Provided information Start Marker

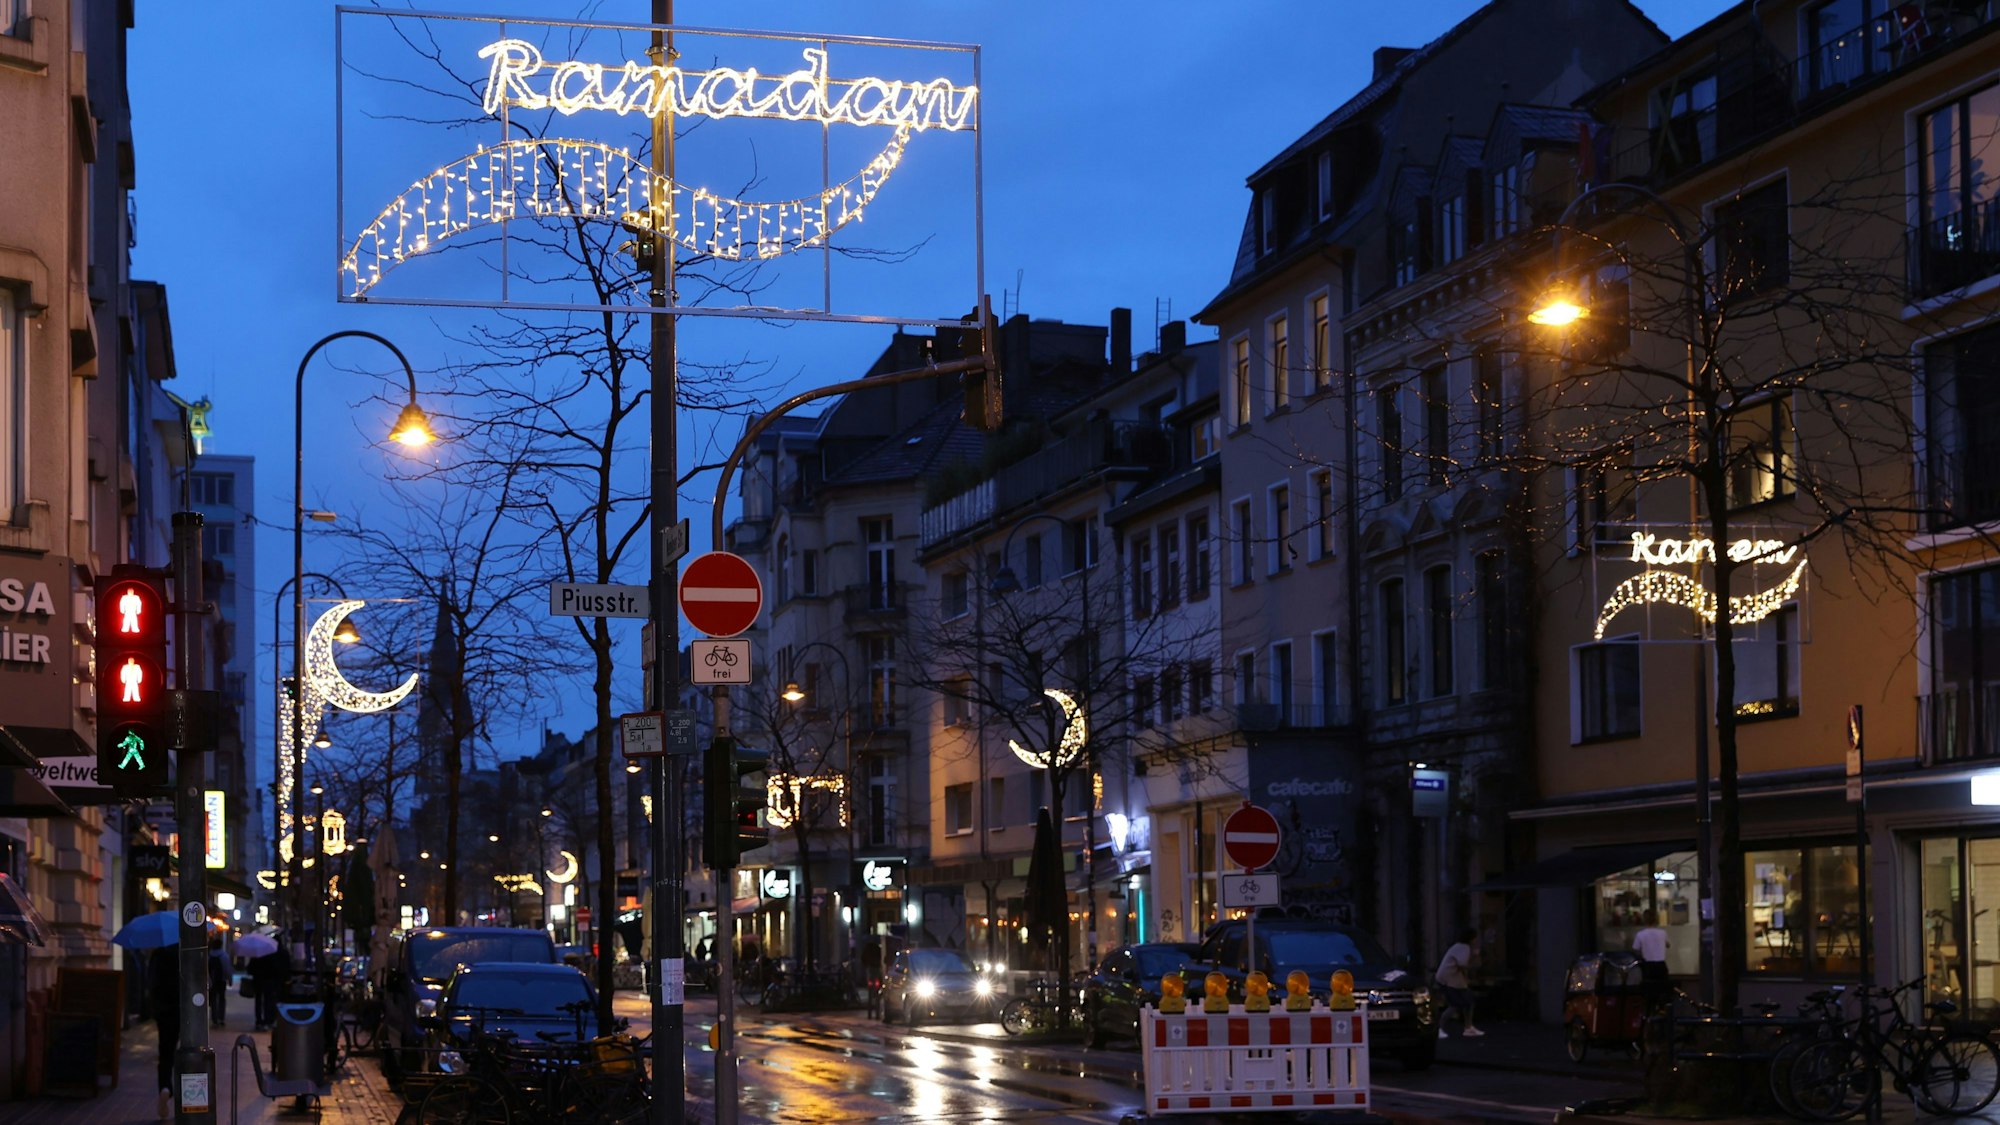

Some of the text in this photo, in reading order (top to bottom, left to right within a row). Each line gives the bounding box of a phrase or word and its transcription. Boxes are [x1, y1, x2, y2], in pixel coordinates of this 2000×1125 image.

[478, 39, 978, 132] Ramadan
[0, 578, 56, 616] SA
[562, 588, 638, 614] Piusstr.
[713, 668, 731, 679] frei
[624, 717, 651, 728] H 200
[207, 797, 218, 861] ZEEMAN
[136, 852, 164, 870] sky
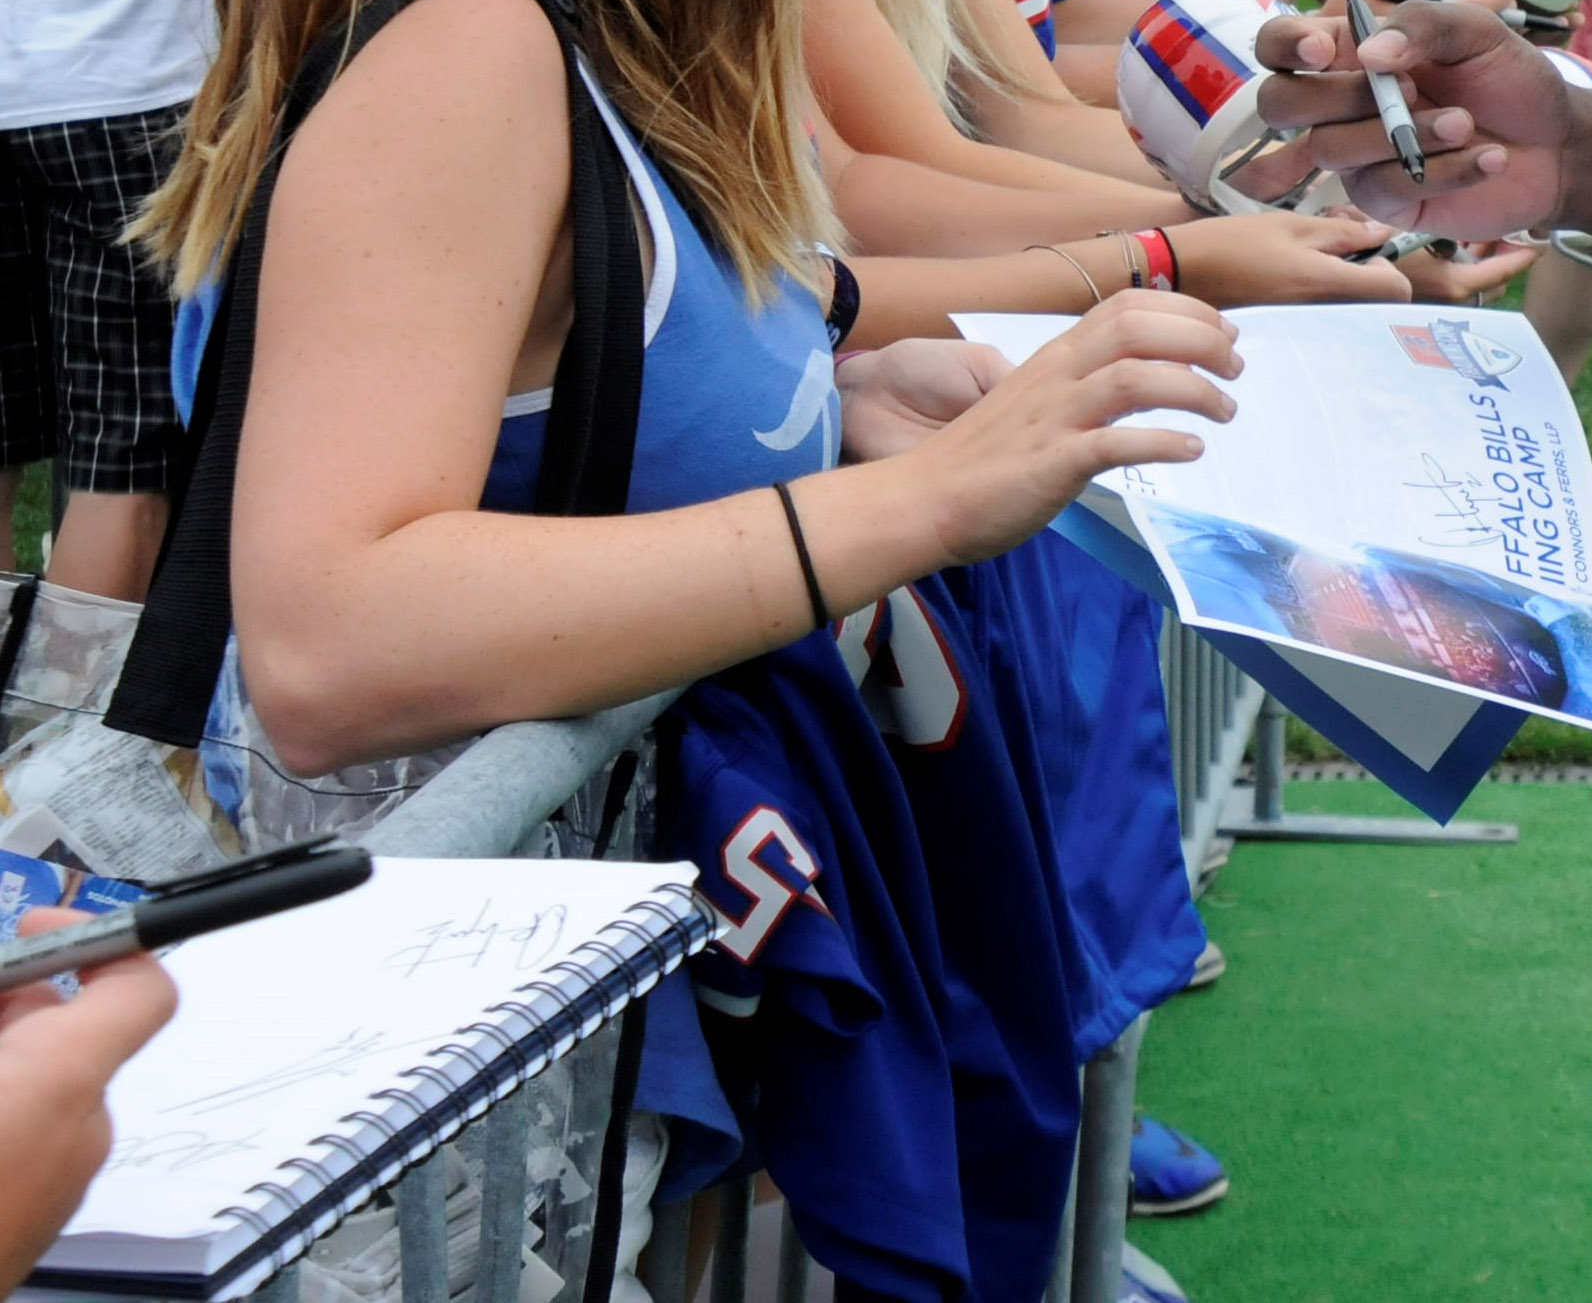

Provided information End Marker

• Work request:
Give back all the data exactly, minus pictures.

• Response below:
Some of the text in this photo, in reading order (top to bottom, left to right within a row). Each line gives the bounding box of a phrase or word and its transcription. Boxes are [x1, y1, x2, y2], in pixel coordinates of this 2000×1125 image.

[478, 39, 978, 132] Ramadan
[0, 578, 56, 616] SA
[562, 588, 638, 614] Piusstr.
[713, 668, 731, 679] frei
[624, 717, 651, 728] H 200
[207, 797, 218, 861] ZEEMAN
[136, 852, 164, 870] sky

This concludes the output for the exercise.